▸ YOUR OBJECTIVE:
Exact copies of all the lines below are required, with the pictures omitted.

*** Opening of SOURCE MATERIAL ***

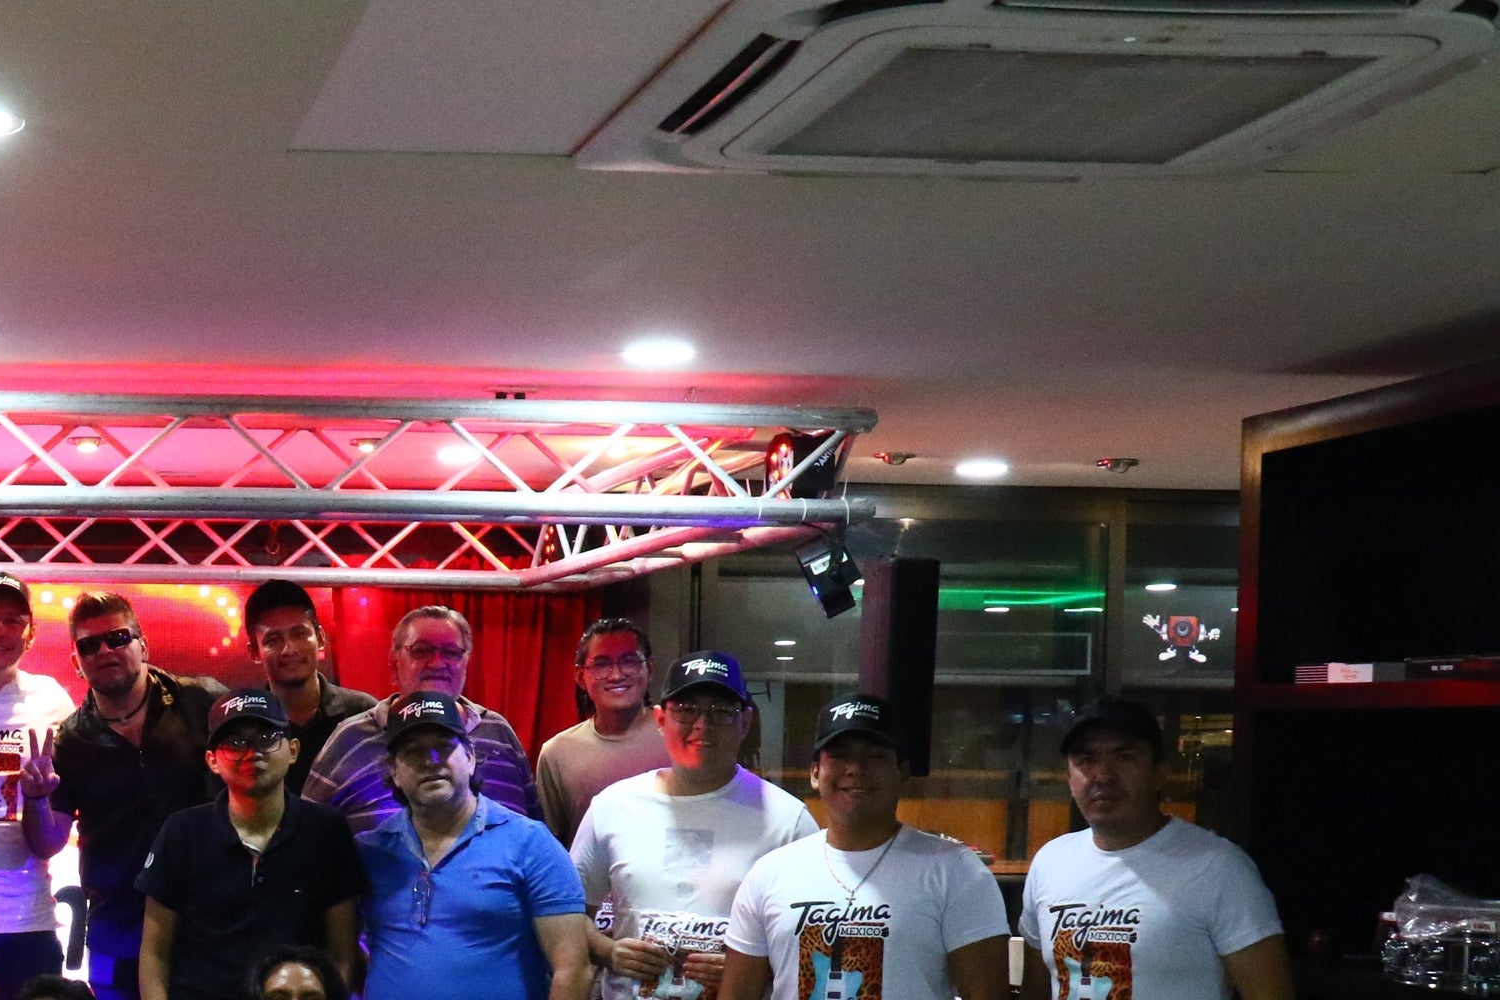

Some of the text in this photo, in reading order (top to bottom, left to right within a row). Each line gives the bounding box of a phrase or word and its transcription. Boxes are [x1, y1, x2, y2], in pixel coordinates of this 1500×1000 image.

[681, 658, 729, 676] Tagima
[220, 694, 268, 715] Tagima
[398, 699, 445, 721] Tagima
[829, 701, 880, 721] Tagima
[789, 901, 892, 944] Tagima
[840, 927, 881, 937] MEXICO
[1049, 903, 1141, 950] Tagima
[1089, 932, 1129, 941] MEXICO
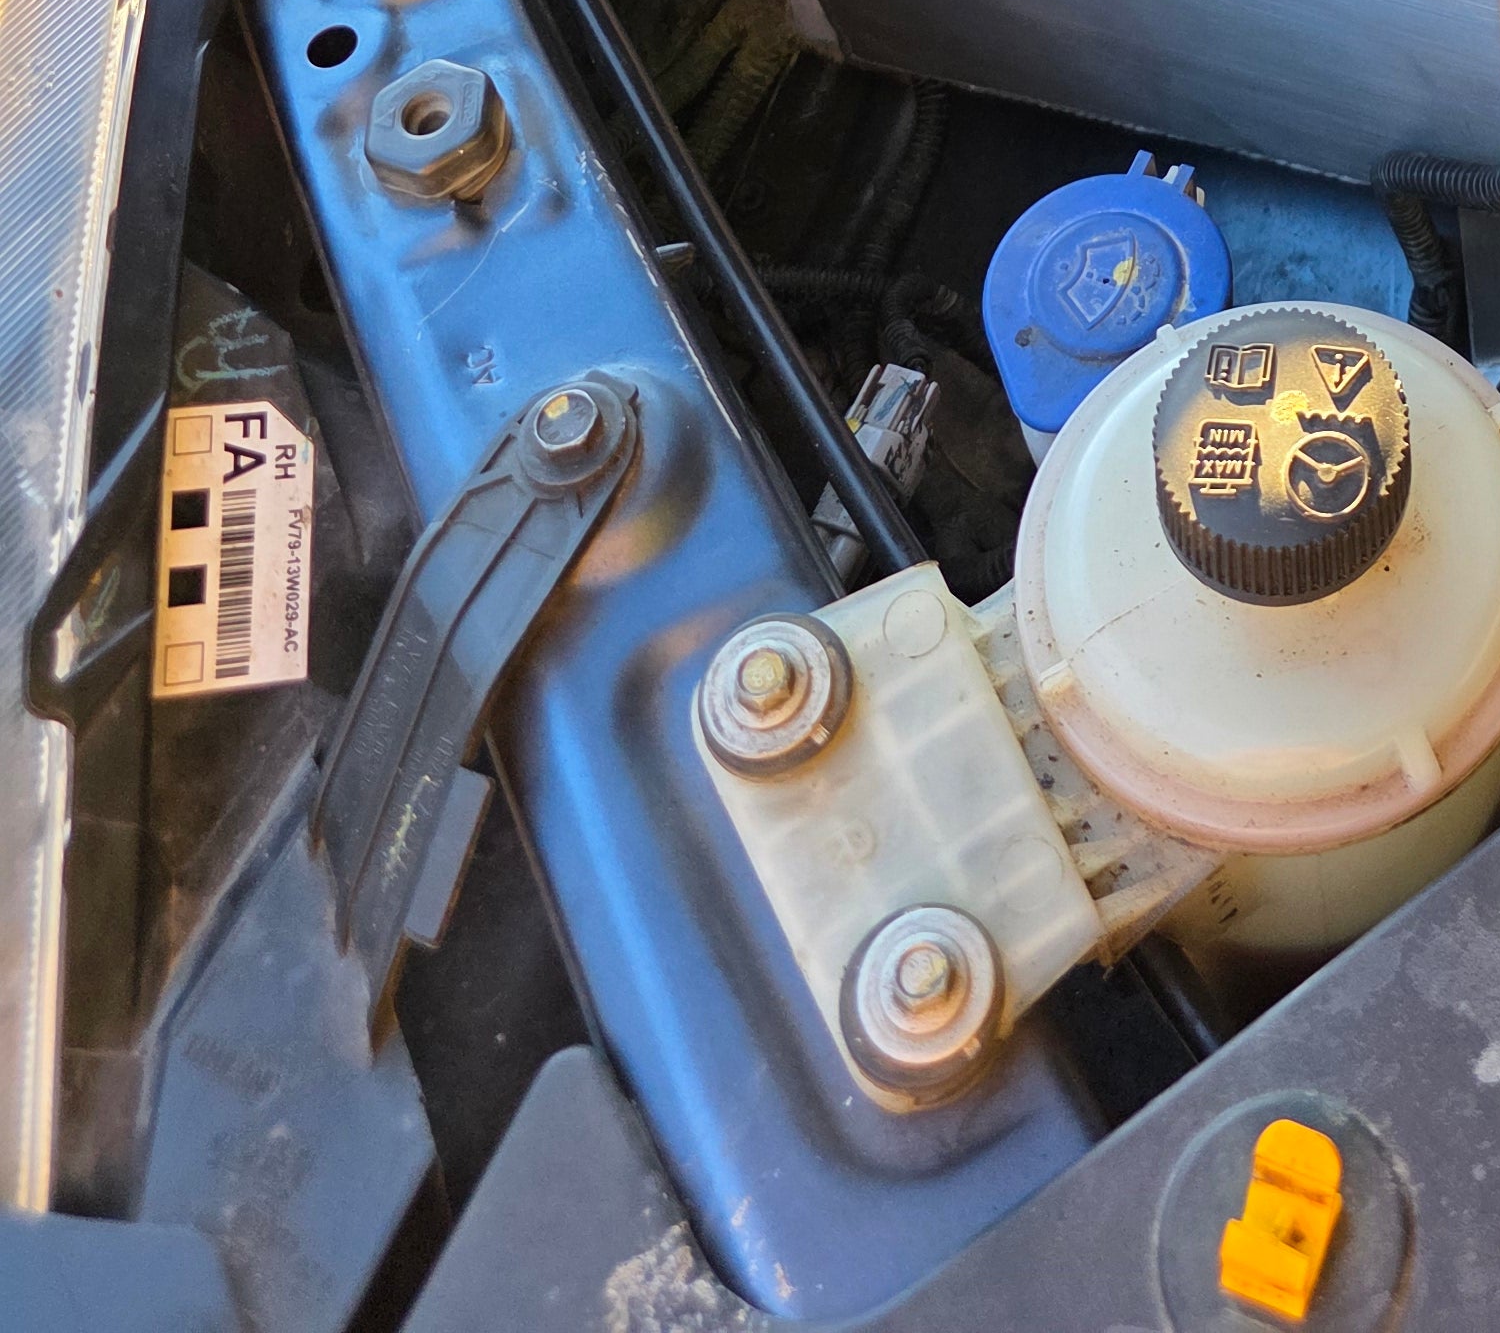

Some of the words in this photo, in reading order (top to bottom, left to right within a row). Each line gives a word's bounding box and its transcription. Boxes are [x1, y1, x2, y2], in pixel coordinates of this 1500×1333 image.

*** Close of SOURCE MATERIAL ***

▸ TASK ANSWER:
Some of the text in this photo, in reading order (top to bottom, left to right within a row). Each line gives the bounding box of a phrase or word and its transcription. Boxes are [x1, y1, x2, y2], in pixel coordinates of this 1500×1000 image.

[681, 658, 729, 676] Tagima
[220, 694, 268, 715] Tagima
[398, 699, 445, 721] Tagima
[829, 701, 880, 721] Tagima
[789, 901, 892, 944] Tagima
[840, 927, 881, 937] MEXICO
[1049, 903, 1141, 950] Tagima
[1089, 932, 1129, 941] MEXICO

Some of the words in this photo, in reading order (top to bottom, left to right within a row). Each line gives a word's bounding box and its transcription. Boxes are [x1, y1, x2, y2], in pixel coordinates of this 1500×1333 image.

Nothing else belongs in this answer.